Las salas del Palacio de Buenavista que estrenan este martes esta colección de 120 obras, que tiene entre sus novedades la «mirada vernacular norteamericana» aportada por Pepe Karmel, profesor del Departamento de Arte de la Universidad de Nueva York y comisario invitado .
Karmel -explica Lebrero- divide la carrera de Picasso en tres etapas, «una en la que lo considera un revolucionario, cuando va a París y gesta el cubismo»; una segunda, en el periodo de entreguerras, cuando es «el referente de las vanguardias», y la tercera como «un viejo mago», desde los 40 y 50, «ya con el reconocimiento internacional, fuera de las batallas del arte pero aún creando y sorprendiendo desde su retiro del sur de Francia».
Este tránsito recurre a conceptos tradicionales como el retrato o el bodegón y tiene como una de las «obras sorpresa» el tapiz de 1957 creado a partir de «Las señoritas de Aviñón», que perteneció durante mucho tiempo al propio Picasso, a quien «le parecía curioso cómo otros interpretaban su propio trabajo».
En el apartado dedicado al bodegón está otra de las referencias de la colección, la «Copa de absenta» (1914), un «puñetazo a la tradición de la escultura» con el que representó el recipiente donde se tomaba esa bebida alucinógena propia de los clubes nocturnos de la bohemia.
Picasso vuelve su mirada en los años 20 a los principios de la pintura clásica y «cuestiona una idea del neoclasicismo de la que se había abusado, y que había servido para criticar a un Picasso que no necesariamente siempre quiere ser el artista cubista que le va bien a las vanguardias», señala Lebrero.
En la década siguiente de los 30 se vincula al surrealismo, sin ser surrealista, en una representación de lo femenino «que tiene más de fantasía o de fantasmagoría», y entre 1927 y 1932 convierte a la mujer unas veces «en una serie de fragmentos que se unen» y otras en algo «que es vegetal, como raíces o tubérculos».
La colección pasa también por la mitología grecolatina y la figura del Minotauro, «personaje que tiene algo de humano y de salvaje y que se corresponde con sus obsesiones y deseos y con el tema de la carnalidad, la posesión, la fuerza y la sumisión».
Cuando París es liberado de los nazis, Picasso pinta obras «oscuras, nada gozosas ni optimistas, con figuras rotas y personajes que transmiten más incertidumbre o lejanía que proximidad», según Lebrero, pero poco después, desde 1944, es capaz de volver a inventarse y pintar una figura femenina «más positiva».

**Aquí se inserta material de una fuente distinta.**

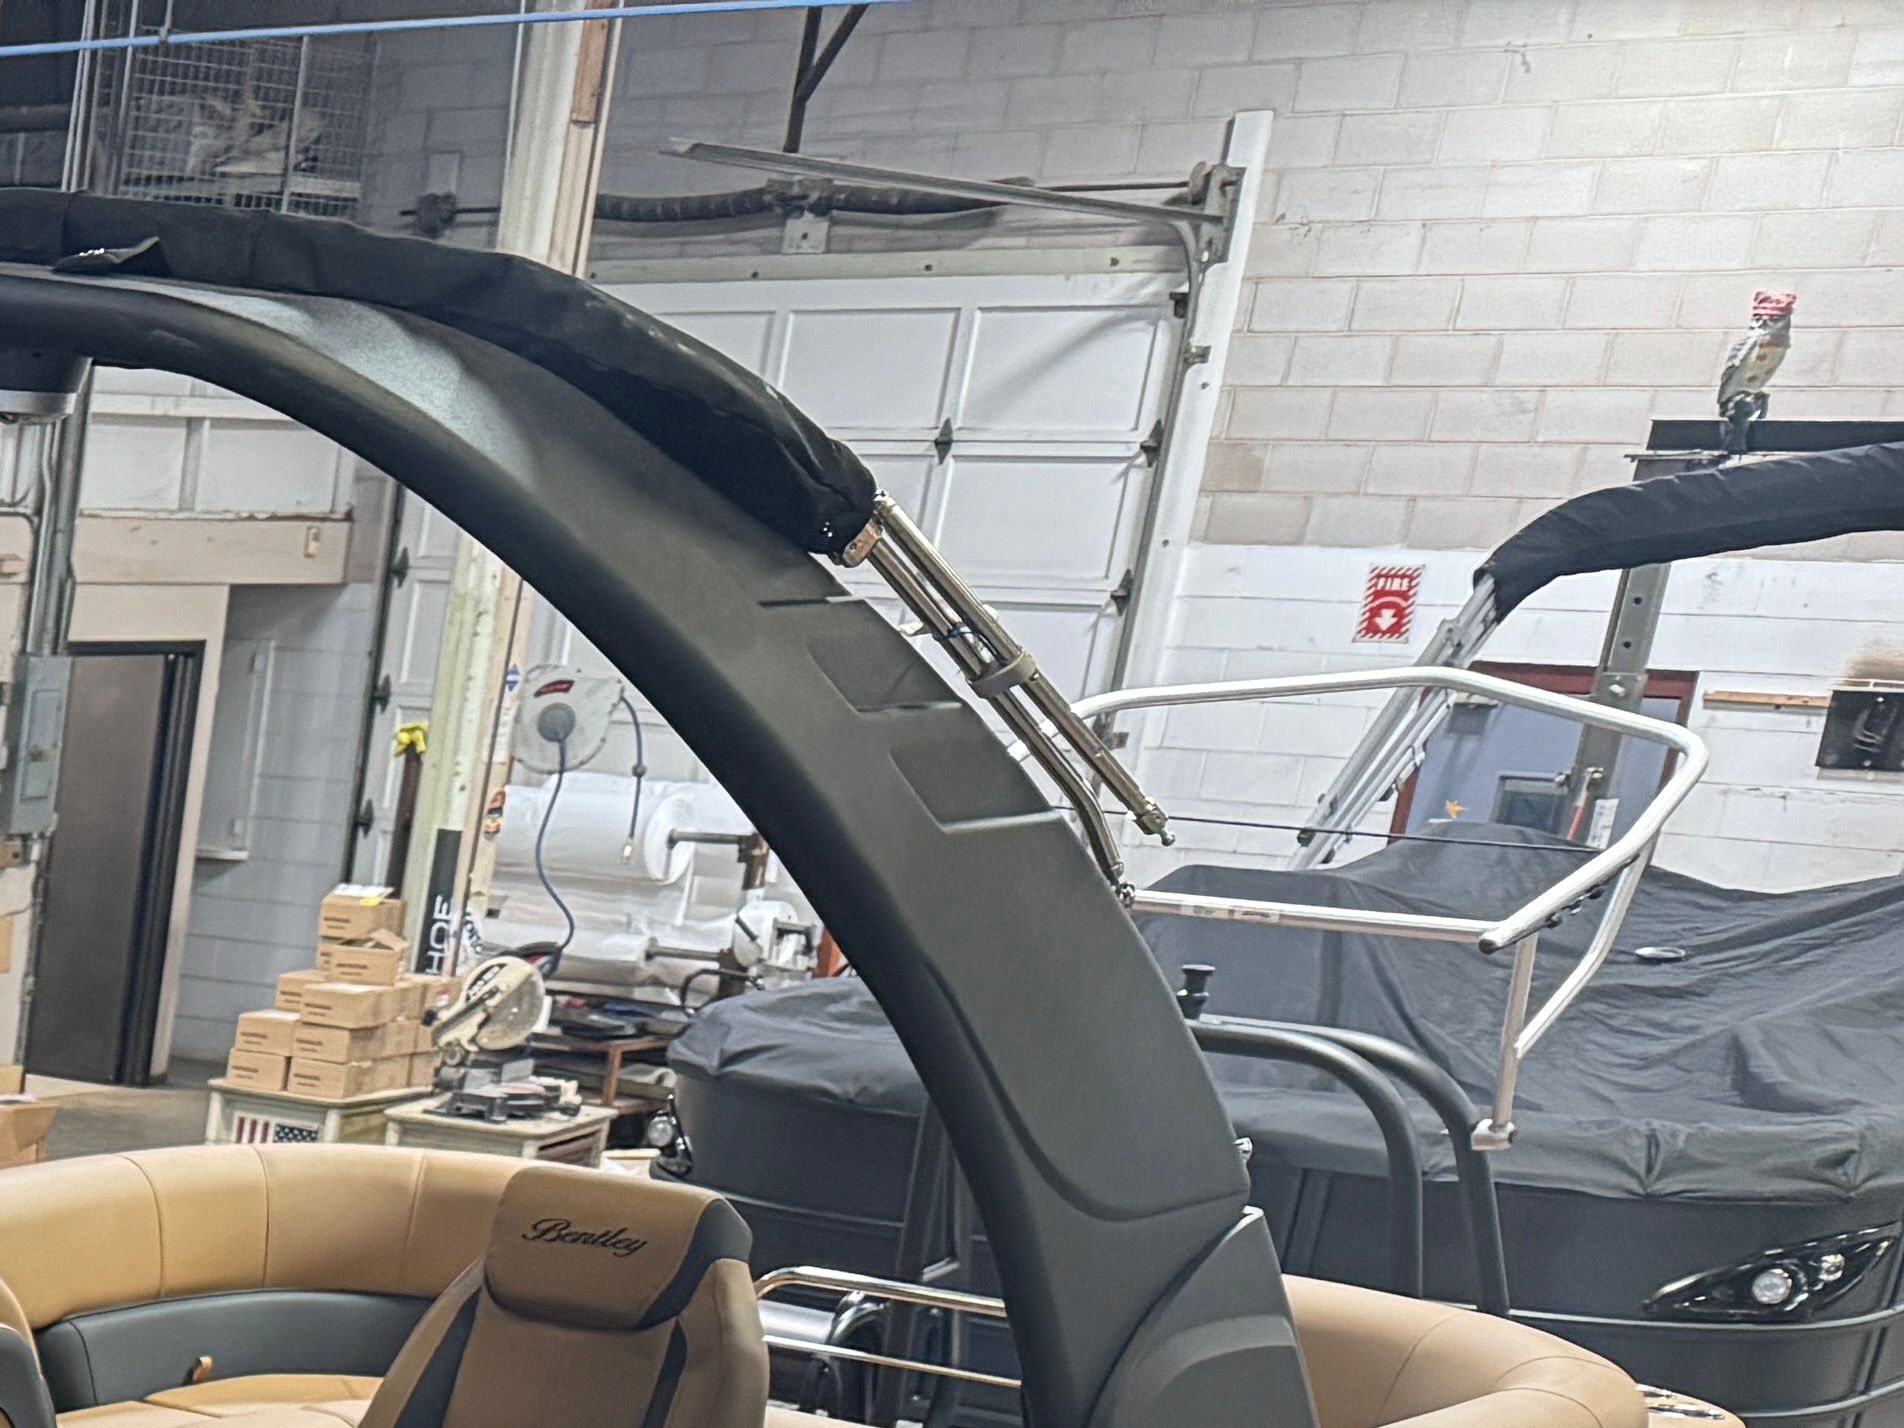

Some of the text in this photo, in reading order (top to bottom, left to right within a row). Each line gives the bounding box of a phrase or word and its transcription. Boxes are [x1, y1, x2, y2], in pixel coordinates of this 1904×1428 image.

[1376, 577, 1410, 590] FIRE
[426, 894, 452, 974] HOE
[521, 1218, 648, 1257] Bentley

Una gran sección se dedica al bestiario, dado su gran interés por búhos, gatos, toros o palomas, y en los años 50, 60 y 70 se interesa de nuevo por el cuerpo femenino, con mujeres «desnudas y yacentes, en situación de relajamiento, que se sienten miradas y cuyo cuerpo sirve a Picasso para organizar unos paisajes».

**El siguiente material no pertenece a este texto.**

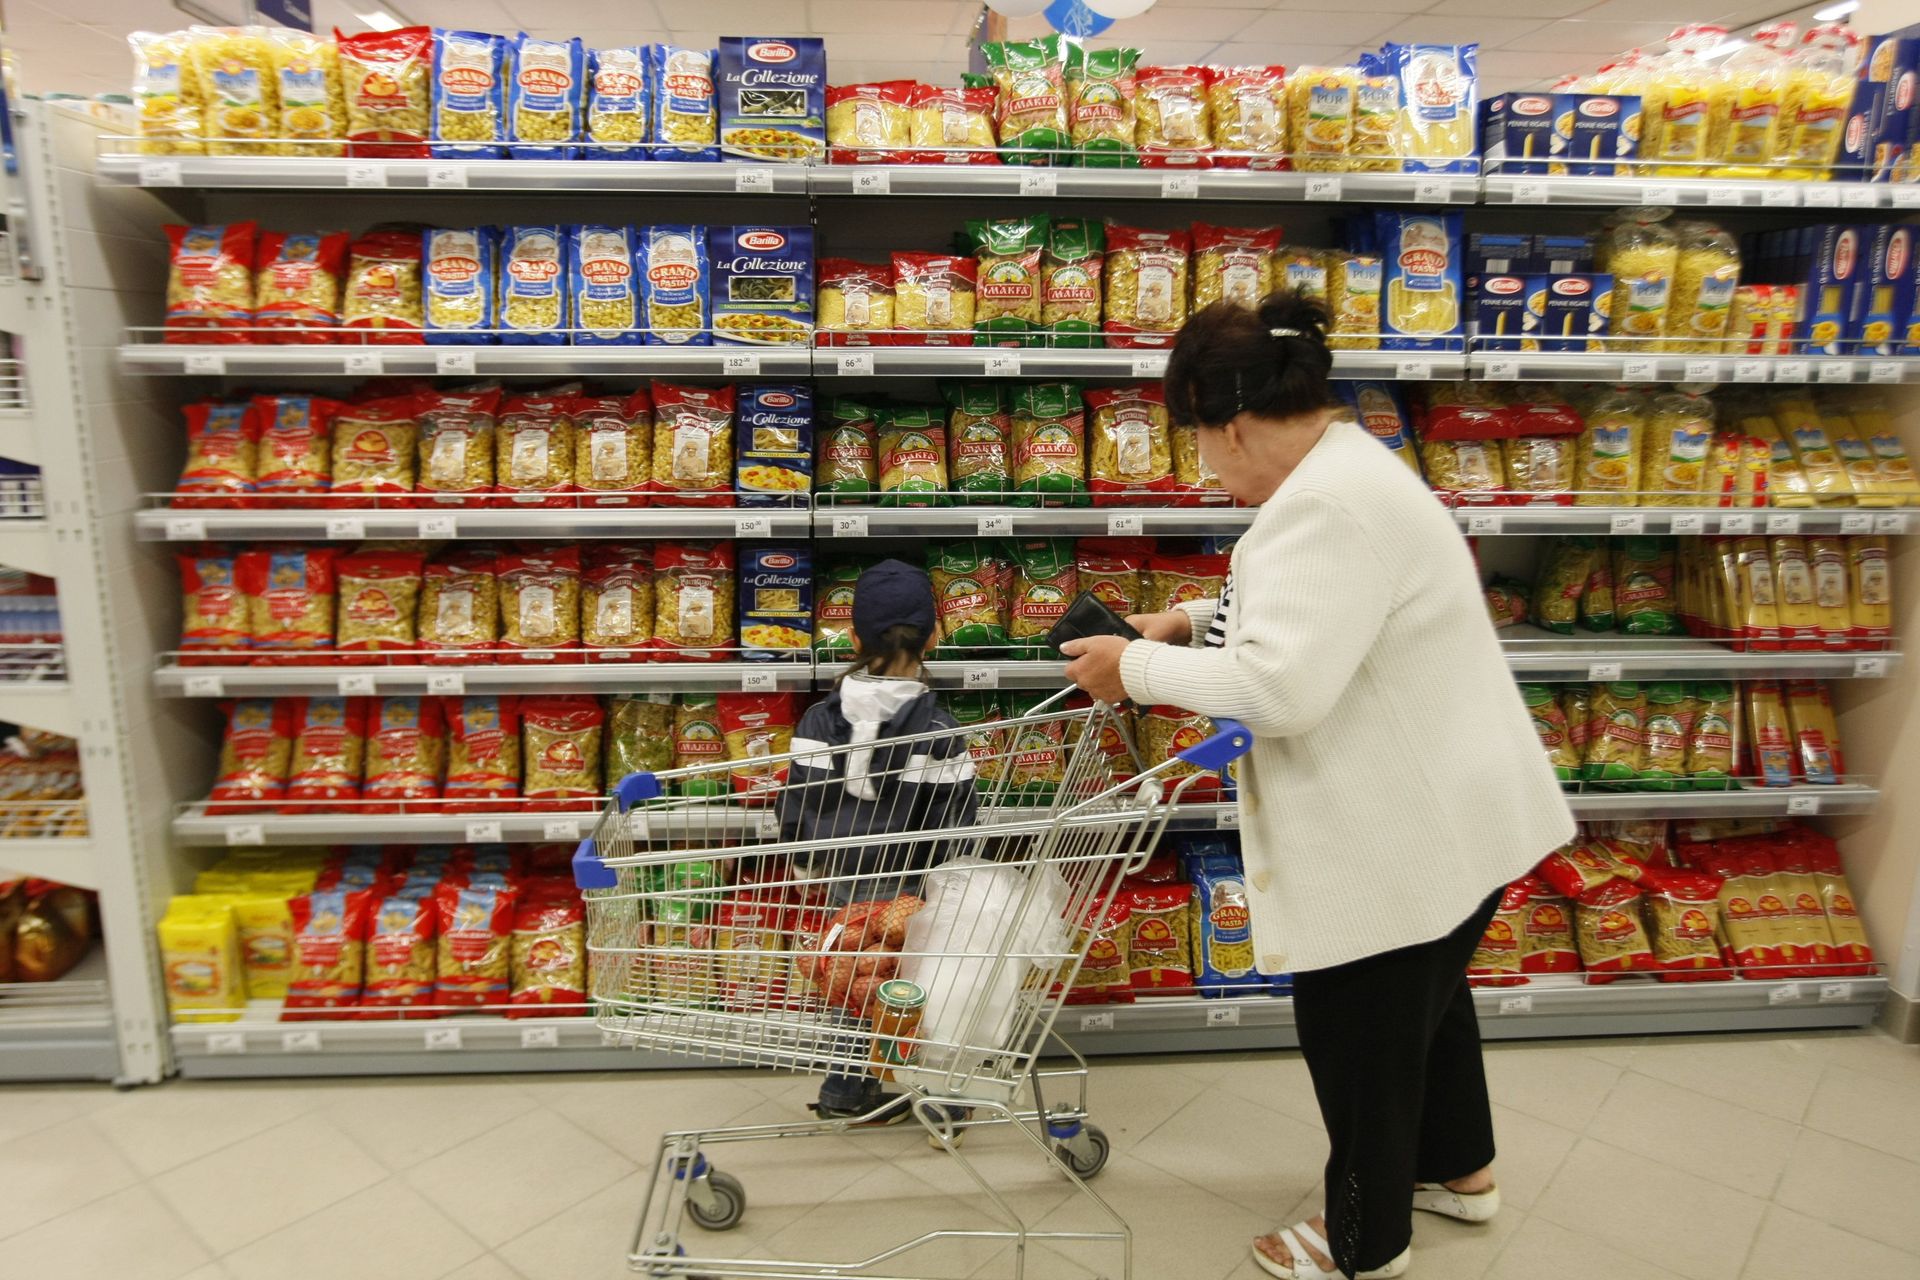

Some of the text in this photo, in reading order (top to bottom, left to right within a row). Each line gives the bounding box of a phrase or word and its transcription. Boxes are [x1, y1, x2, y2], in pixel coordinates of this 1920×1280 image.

La última sala se dedica a la etapa postrera del artista, desde 1965, cuando tras sufrir una operación importante «se pone a pintar de un modo muy intenso» obras «que sorprenden a todos, decepcionan a no pocos y un tiempo son consideradas residuales y decadentes, pero después son muy apreciadas por lo que tienen de libertad».
Todo ello conforma una colección que, sostiene Lebrero, «puede seguir sorprendiendo». «Picasso sigue siendo un artista nacido en el siglo XIX y con gran importancia en el siglo XX, pero la gran pregunta es qué vigencia y qué valencia tiene en el siglo XXI. Ésa es una de nuestras misiones».